Chapter 15
THAT’S RIGHT. NONE OF THIS DARCY BULLSHIT.
DARCY
Could that meeting have gone any better? I think the fuck not.
I got there, thinking I’d be working with Tim, and left knowing I’d be working with the woman of my fucking dreams instead. And I have her phone number now.
I might as well be a pimply sixteen-year-old again, because I am fucking giddy. I’d already done some research to prep for this meeting, but now? Now I’m ready to go all in. I want to impress the fuck out of her.
Literally.
I’d love to impress her so much she wants to fuck me again.
But is that the only reason I’m doing this?
Definitely not. Yes, the distraction is nice, but having a sense of purpose while I’m here for the next several weeks is what matters now.
I can’t sit by idly and do nothing.
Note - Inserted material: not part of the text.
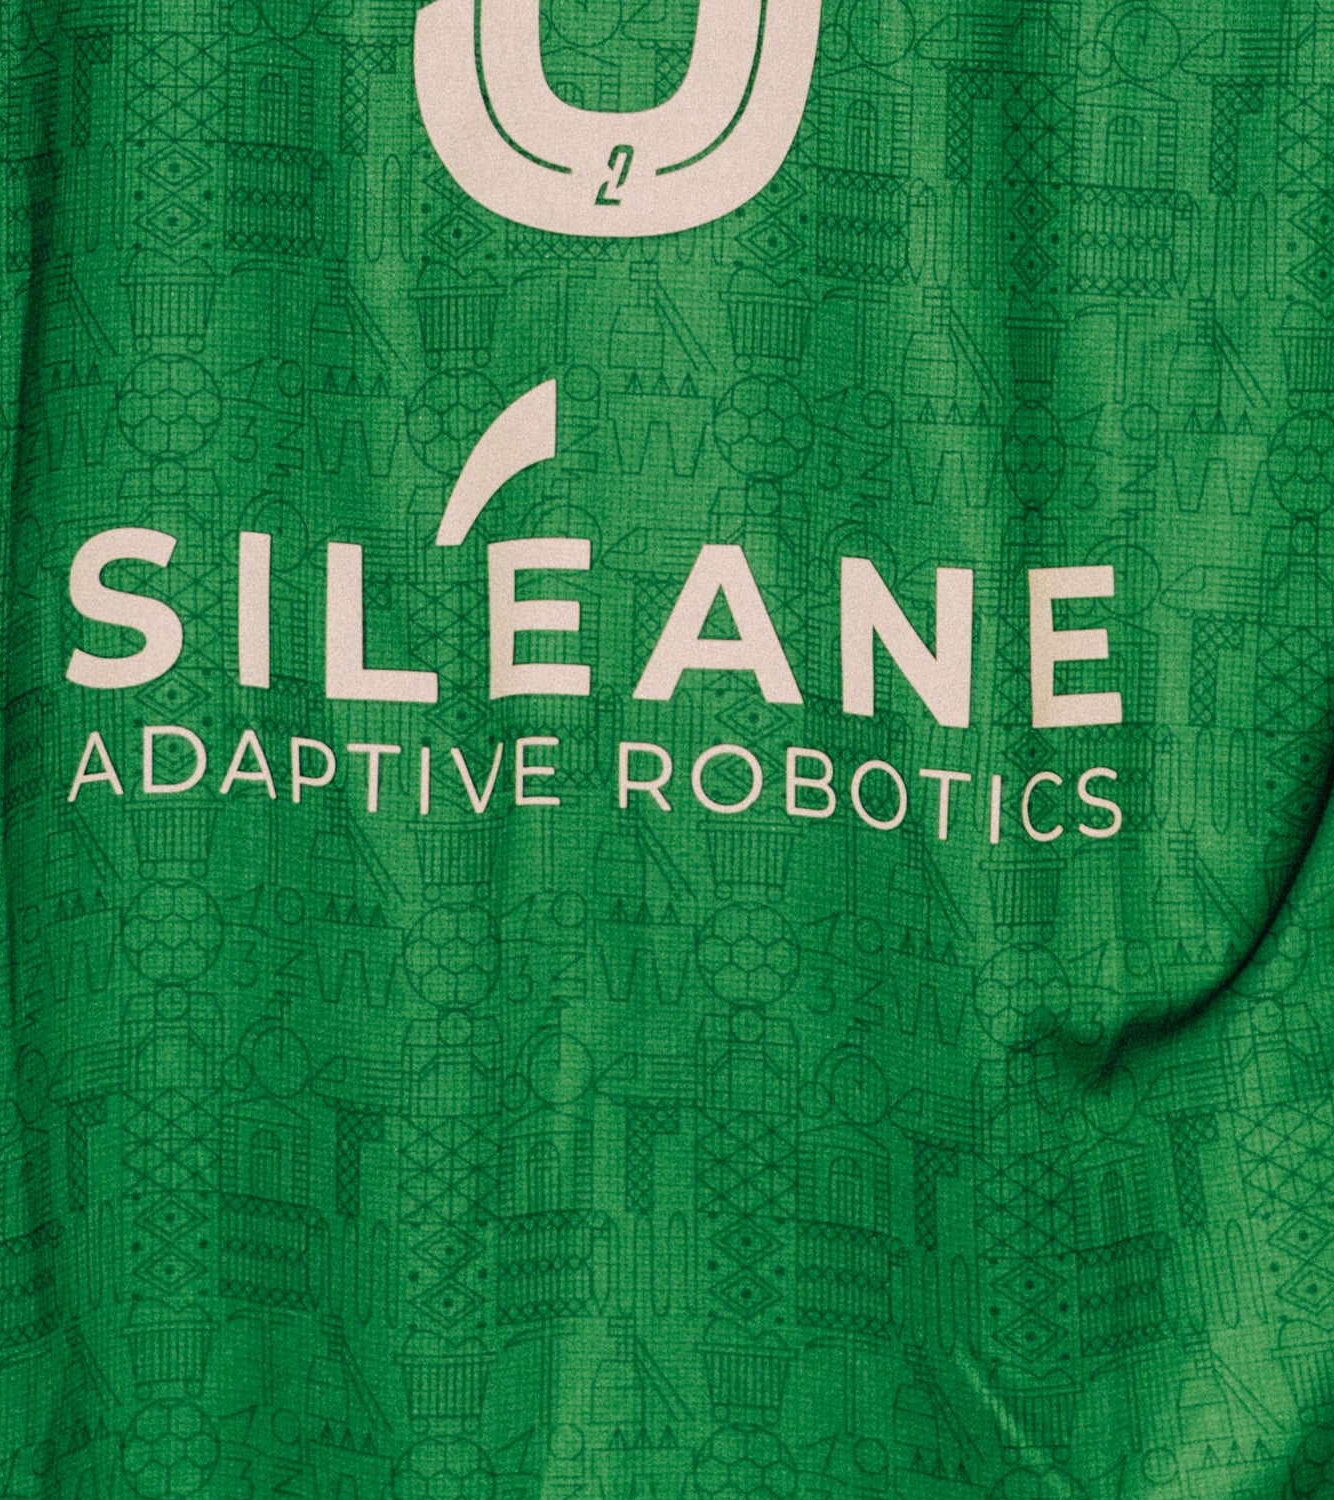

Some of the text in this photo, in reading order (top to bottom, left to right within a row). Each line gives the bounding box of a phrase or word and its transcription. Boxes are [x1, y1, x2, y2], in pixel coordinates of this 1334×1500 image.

[65, 378, 1123, 728] SILÉANE
[68, 725, 1123, 845] ADAPTIVE ROBOTICS
That’s when the panic digs its sharp claws in, and I’m sick and tired of letting it win.
Not that I’ve been all that idle. Between the research, driving out to different beaches, and therapy, I’ve kept myself busy enough.
It made sense to start therapy locally since I’m going to be here for a while.
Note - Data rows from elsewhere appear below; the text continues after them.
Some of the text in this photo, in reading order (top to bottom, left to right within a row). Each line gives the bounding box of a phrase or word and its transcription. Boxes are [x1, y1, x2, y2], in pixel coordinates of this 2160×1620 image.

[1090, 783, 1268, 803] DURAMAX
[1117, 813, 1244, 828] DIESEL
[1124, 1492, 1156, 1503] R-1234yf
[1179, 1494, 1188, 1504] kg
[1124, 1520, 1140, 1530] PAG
It gives me one more reason to leave the house.
Then we can switch to virtual appointments once I go back to Toronto.
No doubt Gordon will be pleased to hear I’m busying myself.
I’m glad to have one more reason to be around Elizabeth.
As I’m pulling into my driveway, the screen in the car lights up with my best friend’s name. “Hey, buddy,” I say when I pick up.
“Hey, Darce. How’re you doing, man?”
My grin widens at the sound of his voice.
Until a few weeks ago, he was pretty miserable, trying to figure out whether this thing with him and Neve would work out, and then freaking the fuck out because he convinced himself it wouldn’t.
He’s on the other side of it all now, happier than ever.
It’s awesome to witness it firsthand now that I’m close by.
“Great. Just getting home from my surfing lesson. You good?” The lie tastes bitter on my tongue, but I’m not ready to come clean about why I’m here and the whole therapy bit.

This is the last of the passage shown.